#### ACTIVITY
Each entry must be written out again exactly as it stands.

#### RECORDS SHOWN

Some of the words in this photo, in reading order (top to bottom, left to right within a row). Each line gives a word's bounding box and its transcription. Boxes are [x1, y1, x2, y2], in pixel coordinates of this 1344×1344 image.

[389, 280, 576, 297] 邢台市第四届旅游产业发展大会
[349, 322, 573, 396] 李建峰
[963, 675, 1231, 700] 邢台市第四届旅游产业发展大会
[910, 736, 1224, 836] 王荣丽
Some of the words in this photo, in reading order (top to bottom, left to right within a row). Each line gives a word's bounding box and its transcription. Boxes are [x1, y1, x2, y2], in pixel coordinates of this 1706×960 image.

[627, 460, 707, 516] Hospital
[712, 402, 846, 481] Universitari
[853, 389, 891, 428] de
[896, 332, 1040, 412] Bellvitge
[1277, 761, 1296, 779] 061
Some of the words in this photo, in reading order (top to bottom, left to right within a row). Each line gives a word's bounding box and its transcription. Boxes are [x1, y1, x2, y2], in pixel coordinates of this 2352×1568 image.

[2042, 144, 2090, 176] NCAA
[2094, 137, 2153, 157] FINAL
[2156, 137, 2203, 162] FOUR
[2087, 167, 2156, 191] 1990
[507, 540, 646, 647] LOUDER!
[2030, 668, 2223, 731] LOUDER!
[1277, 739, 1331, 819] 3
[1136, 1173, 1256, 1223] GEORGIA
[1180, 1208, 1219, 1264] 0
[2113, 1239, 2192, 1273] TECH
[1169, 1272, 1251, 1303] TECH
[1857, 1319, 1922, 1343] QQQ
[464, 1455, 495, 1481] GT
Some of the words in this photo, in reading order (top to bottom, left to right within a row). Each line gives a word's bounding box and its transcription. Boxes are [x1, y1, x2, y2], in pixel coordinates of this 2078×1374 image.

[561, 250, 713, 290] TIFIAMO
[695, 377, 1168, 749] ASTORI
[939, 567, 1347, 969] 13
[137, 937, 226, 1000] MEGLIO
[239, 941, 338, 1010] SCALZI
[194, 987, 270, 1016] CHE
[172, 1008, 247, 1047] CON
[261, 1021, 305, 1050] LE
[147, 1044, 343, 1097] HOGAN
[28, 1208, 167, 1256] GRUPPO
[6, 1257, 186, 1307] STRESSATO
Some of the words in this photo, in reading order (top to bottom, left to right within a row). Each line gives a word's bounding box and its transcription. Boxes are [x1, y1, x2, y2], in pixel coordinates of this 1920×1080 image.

#### RESPONSE TO THE TASK
Some of the words in this photo, in reading order (top to bottom, left to right within a row). Each line gives a word's bounding box and its transcription. Boxes are [x1, y1, x2, y2], in pixel coordinates of this 1344×1344 image.

[389, 280, 576, 297] 邢台市第四届旅游产业发展大会
[349, 322, 573, 396] 李建峰
[963, 675, 1231, 700] 邢台市第四届旅游产业发展大会
[910, 736, 1224, 836] 王荣丽
Some of the words in this photo, in reading order (top to bottom, left to right within a row). Each line gives a word's bounding box and its transcription. Boxes are [x1, y1, x2, y2], in pixel coordinates of this 1706×960 image.

[627, 460, 707, 516] Hospital
[712, 402, 846, 481] Universitari
[853, 389, 891, 428] de
[896, 332, 1040, 412] Bellvitge
[1277, 761, 1296, 779] 061
Some of the words in this photo, in reading order (top to bottom, left to right within a row). Each line gives a word's bounding box and its transcription. Boxes are [x1, y1, x2, y2], in pixel coordinates of this 2352×1568 image.

[2042, 144, 2090, 176] NCAA
[2094, 137, 2153, 157] FINAL
[2156, 137, 2203, 162] FOUR
[2087, 167, 2156, 191] 1990
[507, 540, 646, 647] LOUDER!
[2030, 668, 2223, 731] LOUDER!
[1277, 739, 1331, 819] 3
[1136, 1173, 1256, 1223] GEORGIA
[1180, 1208, 1219, 1264] 0
[2113, 1239, 2192, 1273] TECH
[1169, 1272, 1251, 1303] TECH
[1857, 1319, 1922, 1343] QQQ
[464, 1455, 495, 1481] GT
Some of the words in this photo, in reading order (top to bottom, left to right within a row). Each line gives a word's bounding box and its transcription. Boxes are [x1, y1, x2, y2], in pixel coordinates of this 2078×1374 image.

[561, 250, 713, 290] TIFIAMO
[695, 377, 1168, 749] ASTORI
[939, 567, 1347, 969] 13
[137, 937, 226, 1000] MEGLIO
[239, 941, 338, 1010] SCALZI
[194, 987, 270, 1016] CHE
[172, 1008, 247, 1047] CON
[261, 1021, 305, 1050] LE
[147, 1044, 343, 1097] HOGAN
[28, 1208, 167, 1256] GRUPPO
[6, 1257, 186, 1307] STRESSATO
Some of the words in this photo, in reading order (top to bottom, left to right within a row). Each line gives a word's bounding box and its transcription. Boxes are [x1, y1, x2, y2], in pixel coordinates of this 1920×1080 image.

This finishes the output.